Deretan komposisi album terbaru (baca resensinya di sini) dari mulai rancaknya “Rise Up“, ballad “Born“, hingga abtraksi bebas ringkas “Genealogy” meluncur dilatari kelap-kelip instrumen orchestrionics yang sedang aktif nadanya. “On Day One” merangkum perjalanan ini, bahkan lengkap dengan satu-satunya momen Ben Williams menukar basnya dengan bas elektrik untuk “sekedar” slot solo.
Durasi konser belum tiga jam seperti terlihat di jadwal. Saatnya koleksi nostalgia didemonstrasikan formasi ini lewat parade duo. Metheny-Williams berkomplemen nada dalam “Bright Size Life” tanpa perlu instrumen penjaga kord, cukup impresinya saja lewat nalar melodi. Metheny-Potter idem saat standar favorit “All the Things You Are” dipacu. Yang agak beda dan bikin kangen adalah rendisi vokal Pedro Aznar saat Metheny-Carmassi membuai-buai “Dream of the Return” yang tentu saja diganti jadi silabel-silabel tanpa makna dari lirik asli berbahasa Spanyol. Duet terakhir menampilkan drummer Antonio Sanchez dalam “(Go) Get It” dengan Metheny memilih gitar akustik fretless yang dipakainya pada “Imaginary Day“, diumpankan ke efek distorsi.

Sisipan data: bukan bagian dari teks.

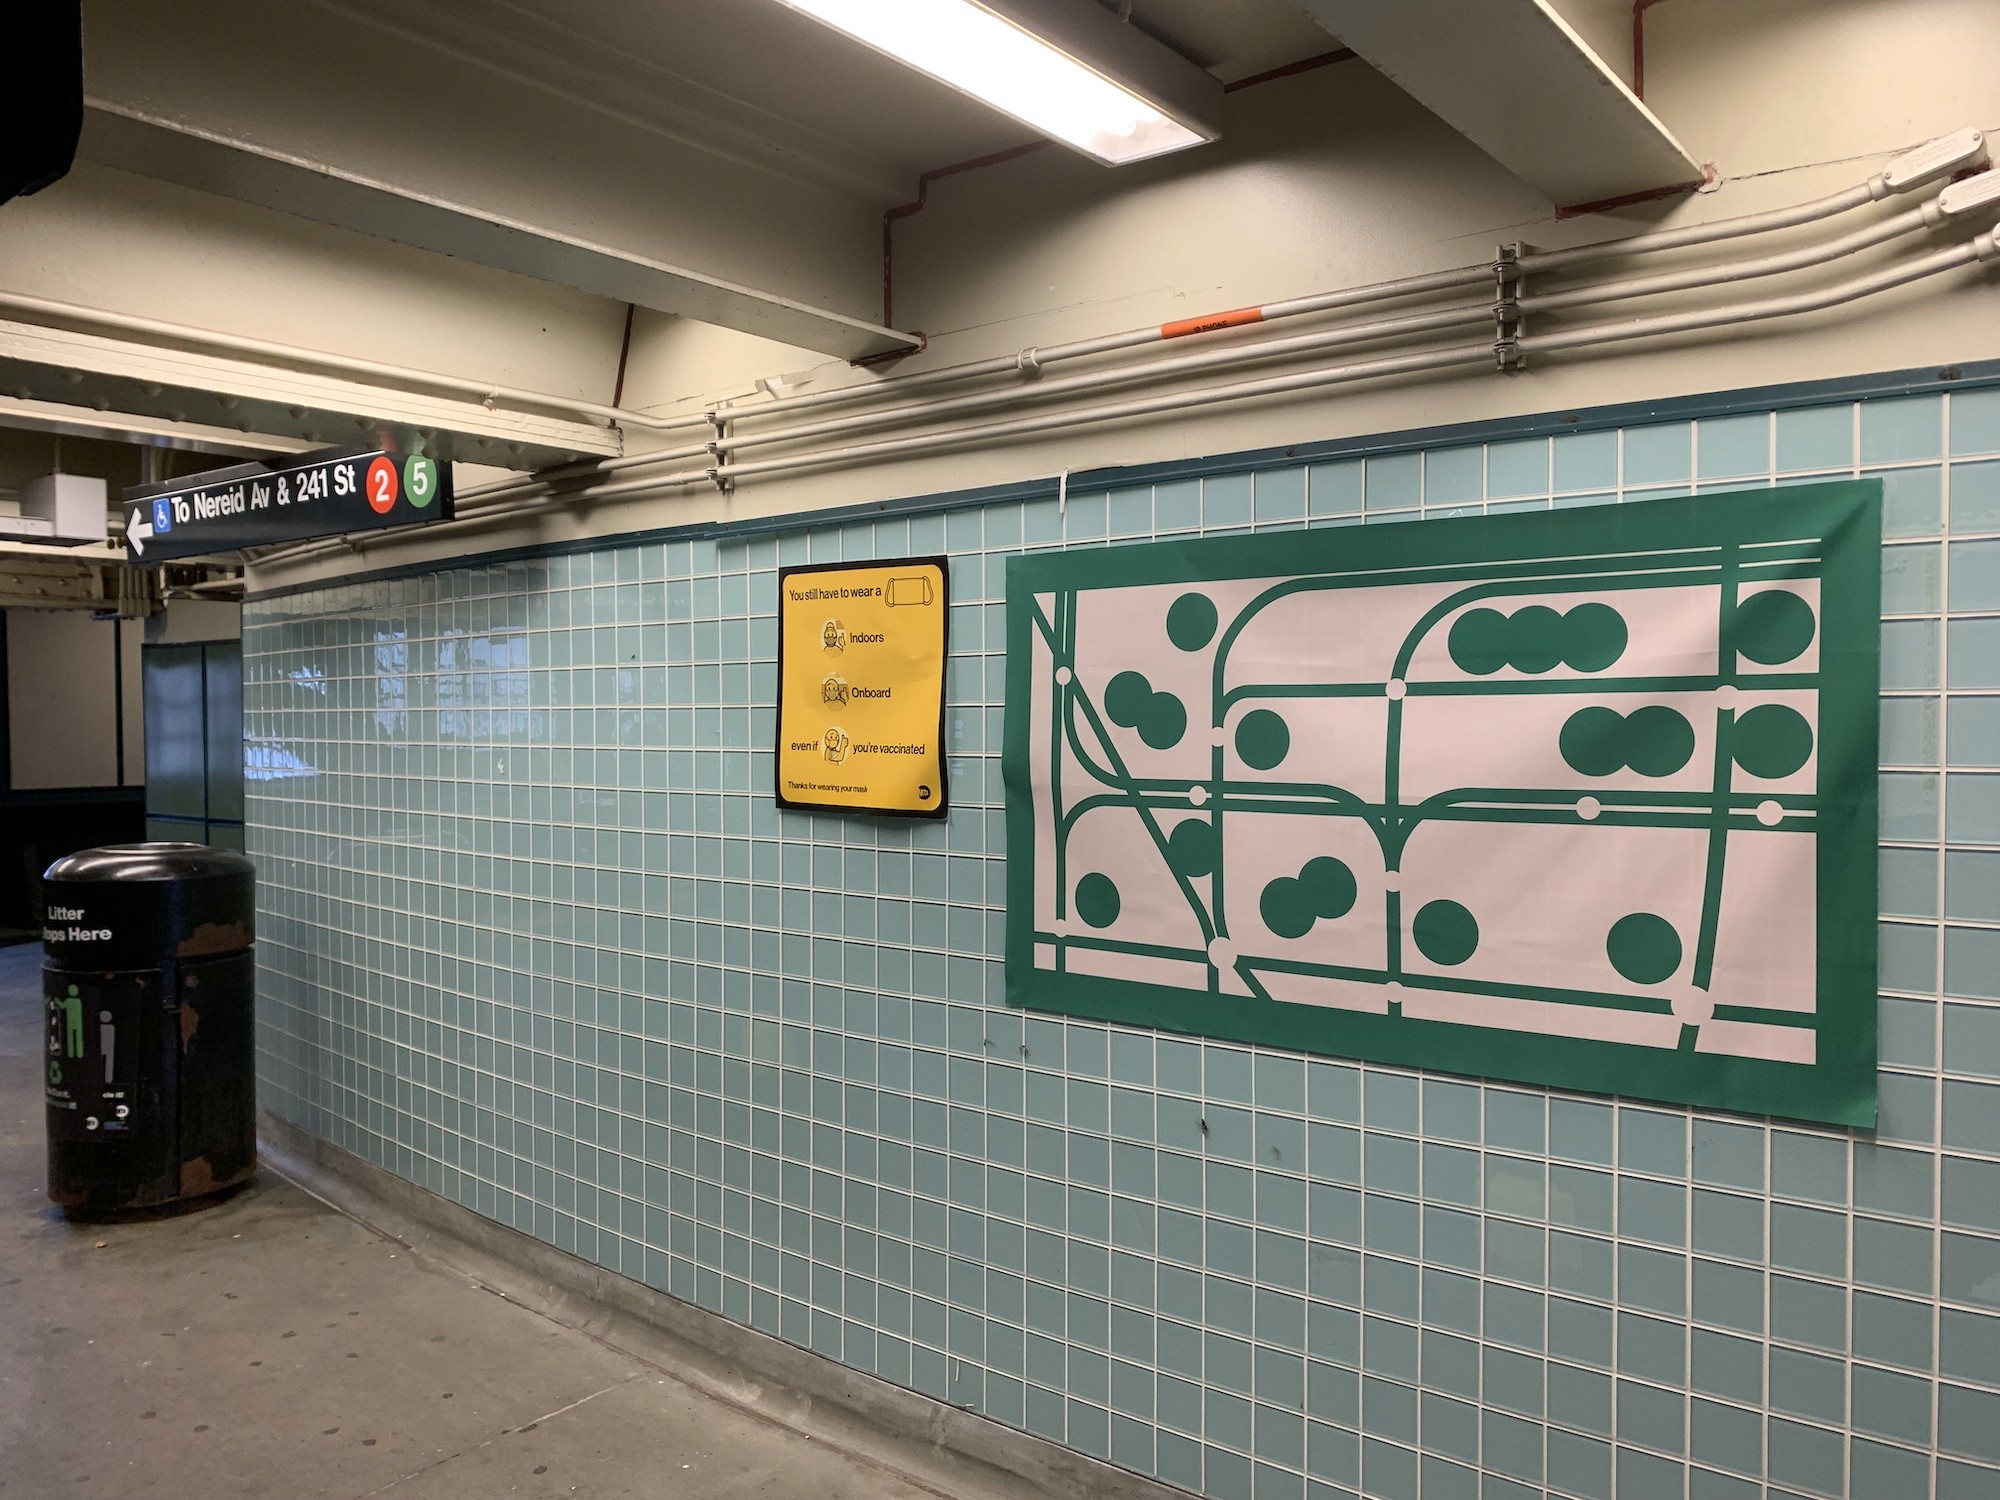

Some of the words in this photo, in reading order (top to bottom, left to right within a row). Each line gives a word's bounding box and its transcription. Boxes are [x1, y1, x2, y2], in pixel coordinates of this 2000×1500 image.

Nostalgia “Have You Heard” dengan bunyi tiupan botol-botol orchestrionics sepertinya sudah disiapkan untuk encore yang tak habis-habisnya bergantian antara solo dan full band. Penonton akhirnya harus puas berdiri menyaluti pertunjukan saat “Song for Bilbao” dinaikkan. Puas tapi mungkin diam-diam pulang dengan masih menaruh harap Pat Metheny Group hidup lagi.